Windows Sicherheitsfeatures – Test
- Hintergrund
- Anwendungen müssen sich für Windows Sicherheitsfeatures entscheiden. Durch Ändern der standardmäßigen Windows-Sicherheitsvorkehrungen können Kunden einem erhöhten Risiko ausgesetzt werden.
- Testdetails
- Testet die Sicherheit der App durch Ausführen des BinScope Binary Analyzers. Weitere Informationen finden Sie hier.
- Maßnahmen
- Beheben Sie das von den Tests identifizierte Problem, und beheben Sie es. Erstellen Sie die App neu, und wiederholen Sie den Test.
Hoher DPI-Test
Es wird dringend empfohlen, dass die Win32-Apps DPI-bewusst sind. Es ist der Schlüssel, die App-Benutzeroberfläche in einer Vielzahl von Anzeigeeinstellungen mit hohem DPI-Leistung konsistent gut aussehen zu lassen. Eine nicht DPI-orientierte App, die auf einer Anzeigeeinstellung mit hohem DPI ausgeführt wird, kann Probleme wie falsche Skalierung von Benutzeroberflächenelementen, abgeschnittenem Text und unscharfe Bilder haben. Es gibt zwei Möglichkeiten, zu deklarieren, dass eine App DPI-bewusst ist. Eine besteht im Deklarieren von DPI.
- Hintergrund
- Bei dieser Überprüfung werden zwei Aspekte einer App überprüft: Die wichtigsten ausführbaren Dateien, z. B. Die Einstiegspunkte für die Benutzer-App müssen für HIGH-DPI-Informationen angezeigt werden und dass die richtigen APIs aufgerufen werden, um HIGH-DPI zu unterstützen. Die App kann nicht verwendet werden, wenn eine oder beide dieser Bedingungen fehlen. Diese Überprüfung führt einen neuen Abschnitt im Desktopbericht ein. Weitere Informationen finden Sie im folgenden Beispiel.
- Testdetails
- Der Test generiert eine Warnung, wenn eine der folgenden Punkte erkannt wird:
- Die EXE-Hauptdatei deklariert keine DPI-Kenntnis im Manifest und ruft die SetProcessDPIAware-API nicht auf. (Warnen Sie den Entwickler, wenn er vergisst, das DPI-Bewusstseinsmanifest hinzuzufügen.)
- Die Haupt-EXE deklariert keine DPI-Kenntnis im Manifest, ruft jedoch die SetProcessDPIAware-API auf (warnen Sie den Entwickler, dass er manifest verwenden sollte, um DPI-Bewusstsein zu deklarieren, anstatt die API auf aufruft).

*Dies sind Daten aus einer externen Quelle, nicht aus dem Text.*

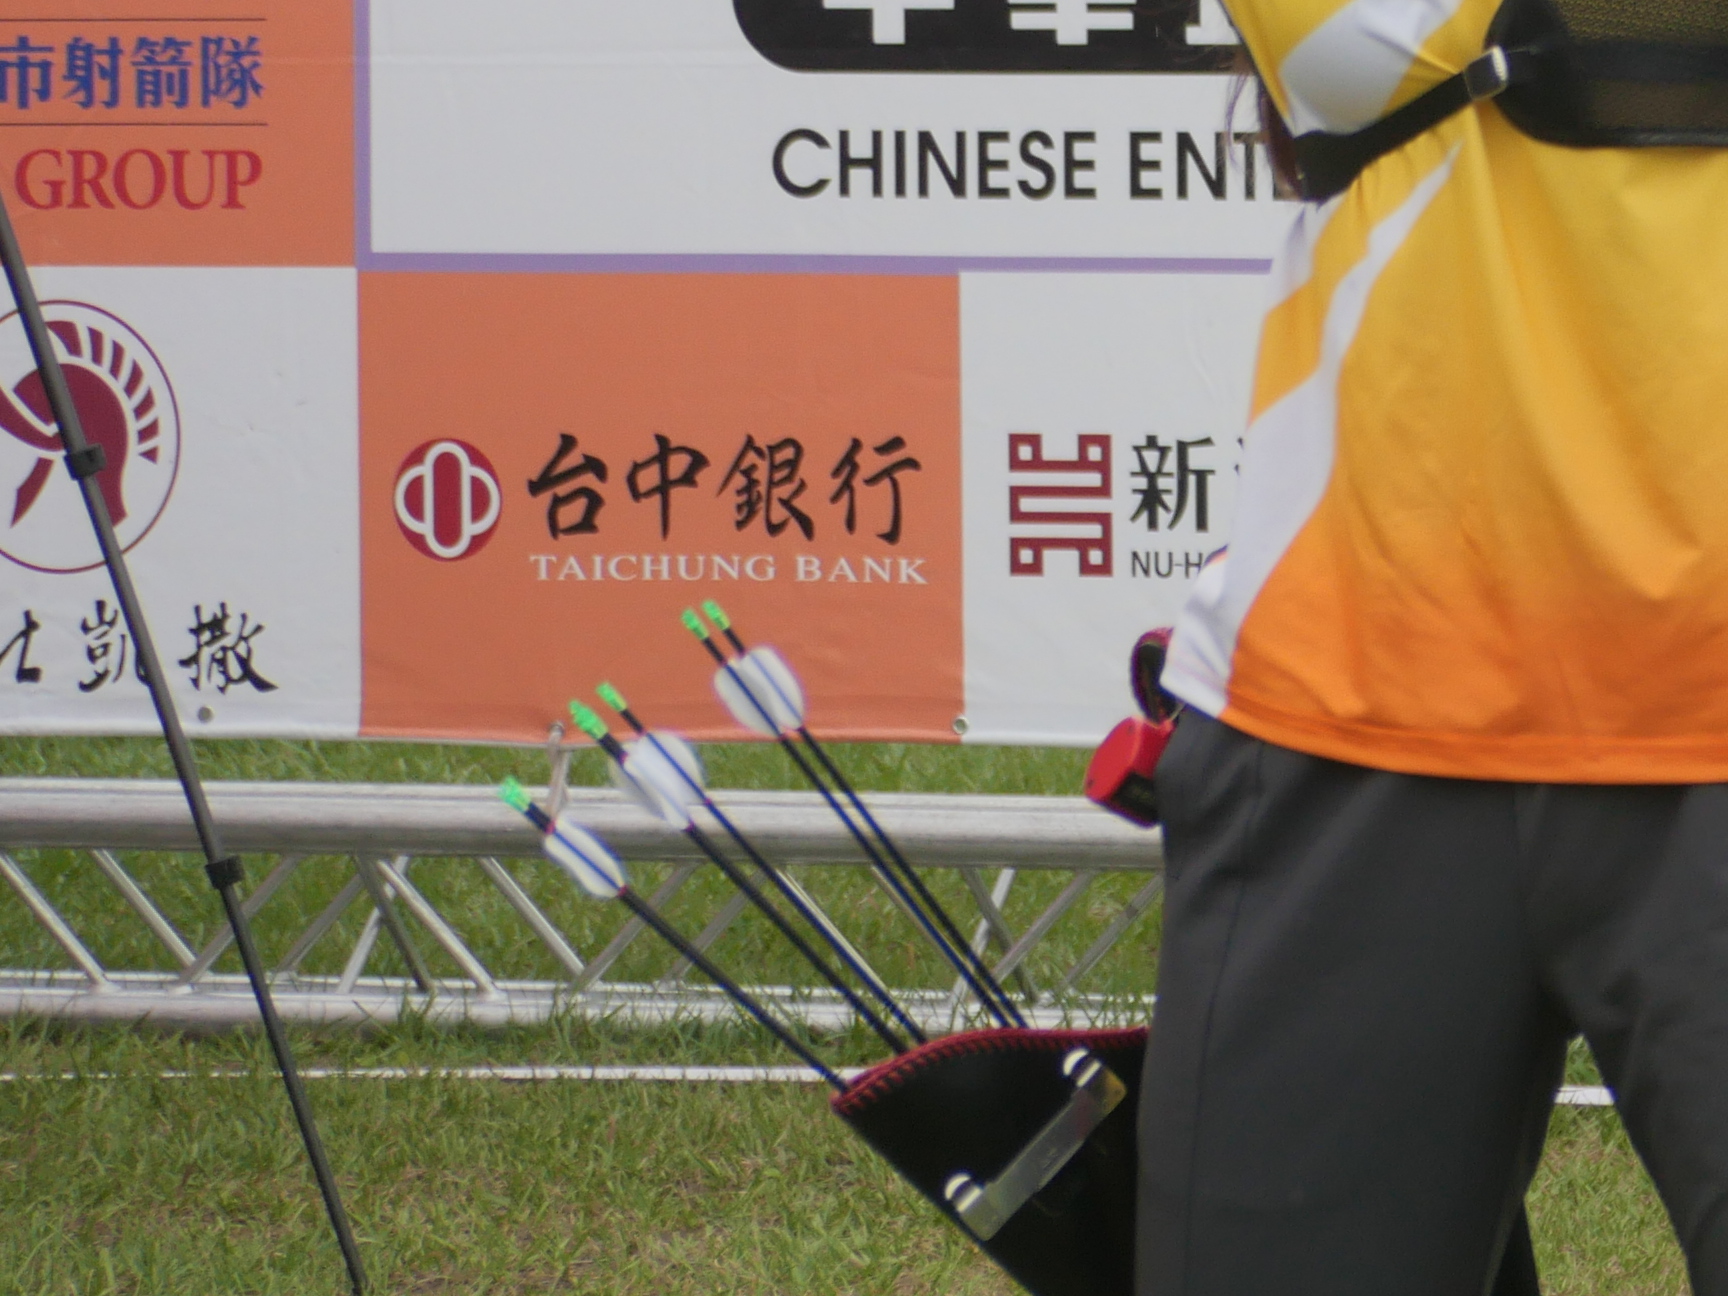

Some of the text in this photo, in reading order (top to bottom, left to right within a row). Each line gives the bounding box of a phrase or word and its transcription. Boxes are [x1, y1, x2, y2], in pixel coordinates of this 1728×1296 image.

[0, 36, 267, 109] 市射箭隊
[14, 149, 263, 210] GROUP
[772, 128, 1097, 199] CHINESE
[527, 433, 922, 545] 台中銀行
[529, 554, 928, 585] TAICHUNG BANK
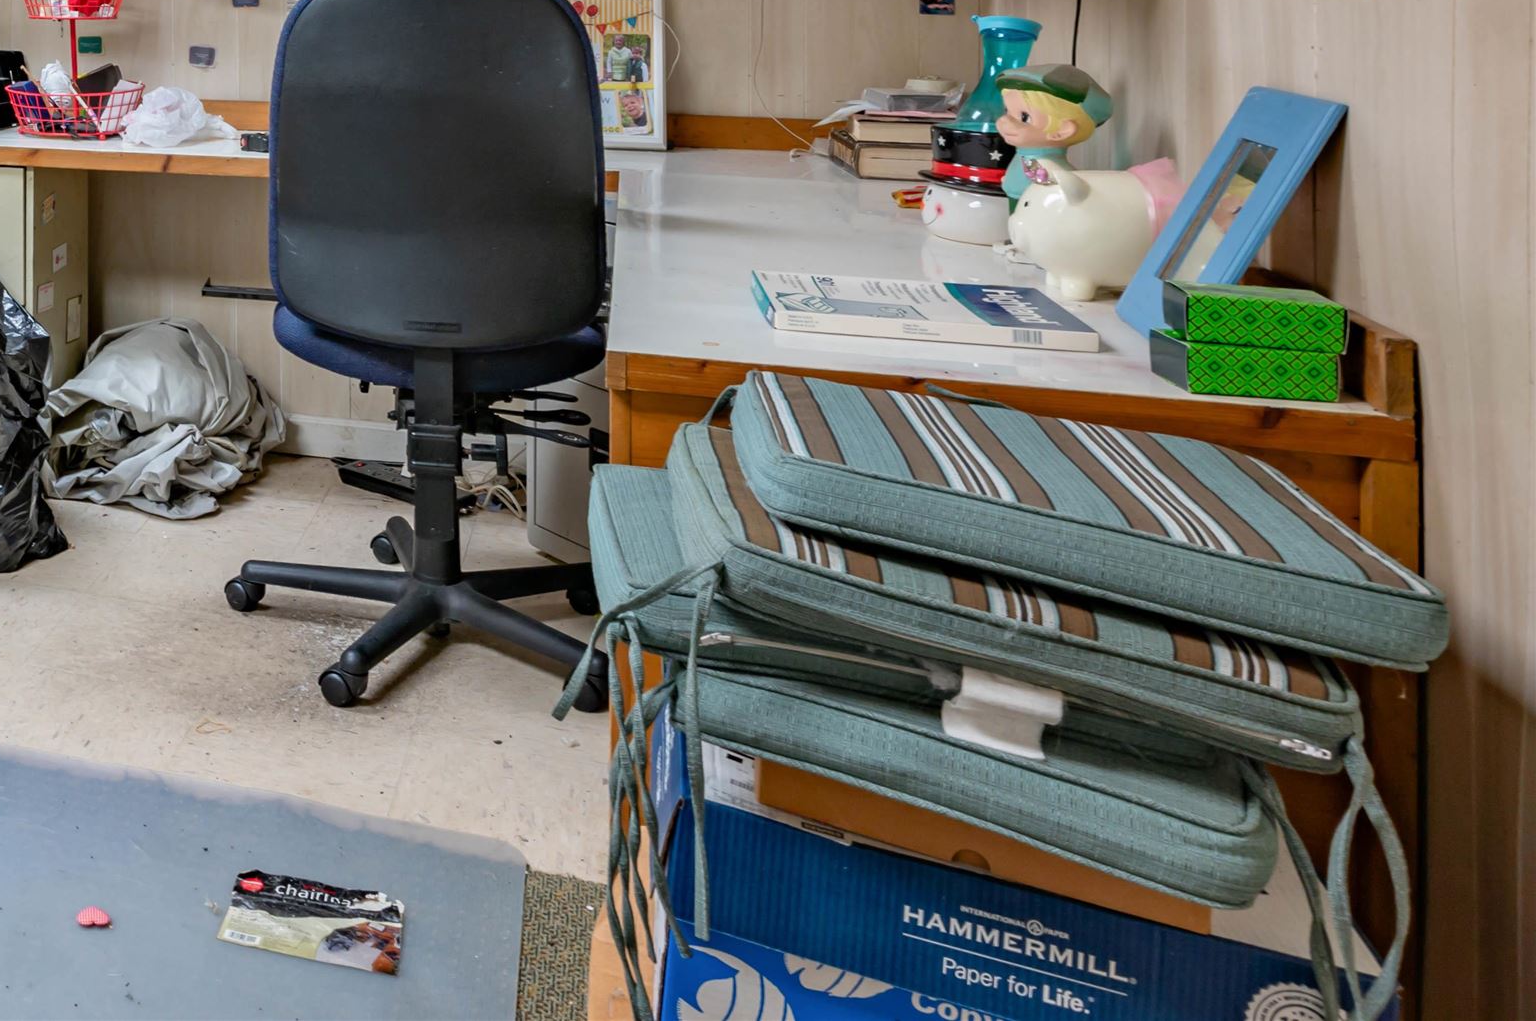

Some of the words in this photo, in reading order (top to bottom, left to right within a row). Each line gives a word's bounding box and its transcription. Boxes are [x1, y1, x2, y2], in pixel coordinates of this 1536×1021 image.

- MainEXE deklariert DPI-Bewusstsein in seinem Manifest, ruft aber auch die SetProcessDPIAware-API auf (warnen Sie den Entwickler, dass das Aufrufen dieser API nicht erforderlich ist).
- Geben Sie für die Binärdateien, die keine Haupt-EXEs sind, eine Warnung aus, wenn sie die API aufrufen (Das Aufrufen der API wird nicht empfohlen).
- Der Test generiert eine Warnung, wenn eine der folgenden Punkte erkannt wird:
- Maßnahmen
- Von der Verwendung der SetProcessDPIAware()-Funktion wird abgeraten. Wenn eine DLL DPI-Einstellungen während der Initialisierung zwischenspeichert, kann der Aufruf von SetProcessDPIAware() in der App eine Racebedingung generieren. Das Aufrufen der SetProcessDPIAware()-Funktion in einer DLL ist auch keine bewährte Methode.